Agora queria dizer-te que a tua palavra precisa ser também cuidada para que ela se torne, aos poucos, a palavra de DEUS. Para isto, sede totalmente inofensivo para com tudo e com todos, nunca pronunciando algo que ofenda à Eterna Lei, oculto no fundo dos corações. Que tua palavra seja a expressão da verdade; nunca te deixes laçar pela mentira, por mais oportuna que te pareça. Doce e benéfico deve ser teu verbo para que os que te rodeiam, aos poucos, vão aprendendo a conjugar em todos os tempos a verdade Santa e Imutável que é Deus. É também essencial, para a purificação de tua palavra, que aprofundes teus estudos sobre a “Ciência Adhyátmica”. Este será para ti o abecedário maravilhoso, fonte eterna de todos os sons, que te ensinará a soletrar os vibrantes vocábulos que os Mestres inscreveram nos portais do templo do som cósmico, que é teu coração, repositório da palavra perdida pela tua ignorância e que tu acharás um dia, depois que te tornares digno de pronunciá-la. Como o Cristo falou, tu também dirás: tudo passará menos as minhas palavras - pois um dia, o próprio Verbo Divino falará pela tua boca. Por mais que te pareça estranho isto que ora te falo, não consideres assim, antes busca e suplica aos Mestres que façam de tua palavra uma Santa Palavra.

A austeridade é algo que te proponho, de coração, para que possas purificar a tua mente. Este corcel bravio e voluntarioso precisa receber as esporas da disciplina.

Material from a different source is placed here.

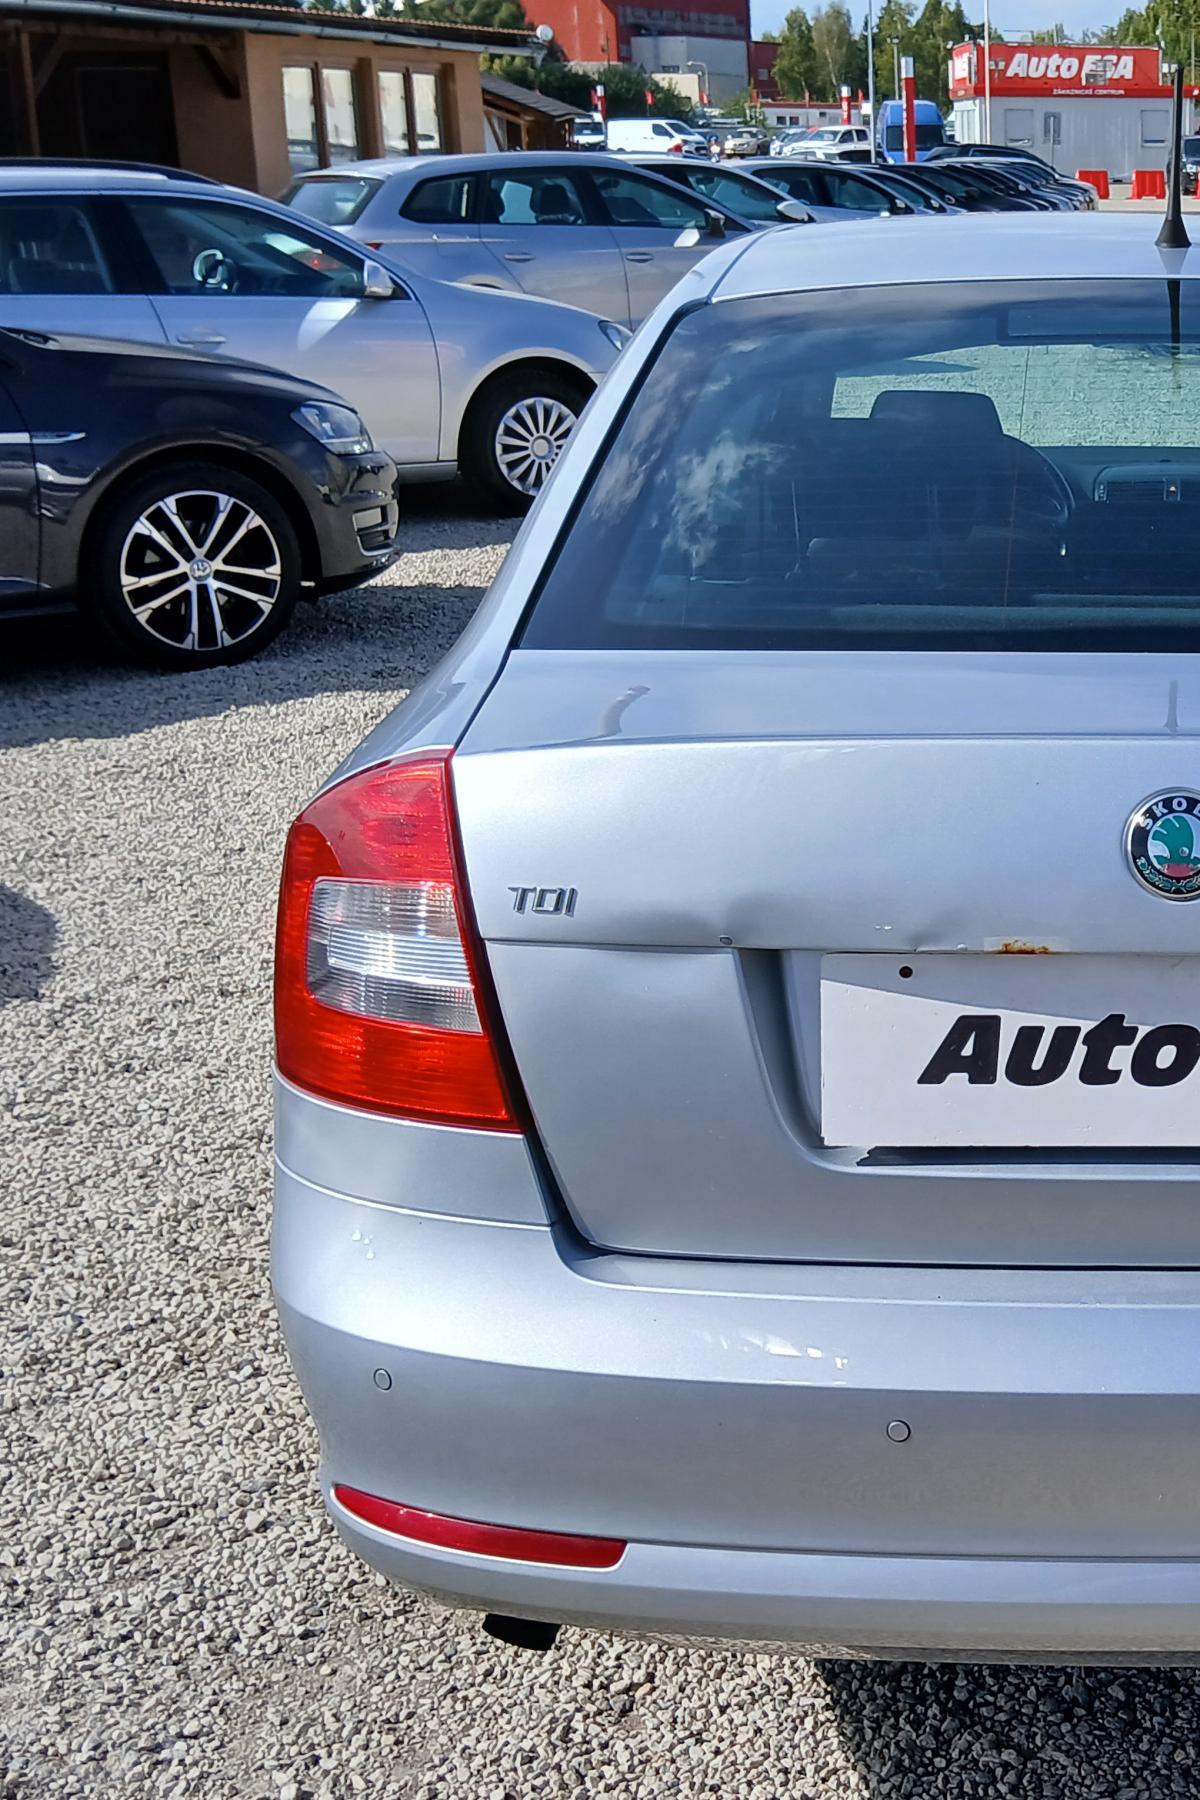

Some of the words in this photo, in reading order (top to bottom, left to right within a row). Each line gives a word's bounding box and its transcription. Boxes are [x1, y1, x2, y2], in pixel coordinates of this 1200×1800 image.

Nada mais educador que manteres sempre a serenidade de pensamento: “Quando as ondas estiverem agitadas, derrama sobre elas o óleo do amor, e tu manterás a calma. O contentamento constitui-se também numa condição importante para a estabilização dos movimentos mentais. Mantém- te alegre e feliz, mesmo ante as mais terríveis vicissitudes. Não te deixes levar pelas marés das tristezas, incertezas e medos - assim, como veleiro impetuoso, singrarás as assustadoras correntezas que te querem tragar. Estejas sempre atento às ondas mentais de pensamentos desordenados. Isto também levará tua mente às planícies da calma da mansietude.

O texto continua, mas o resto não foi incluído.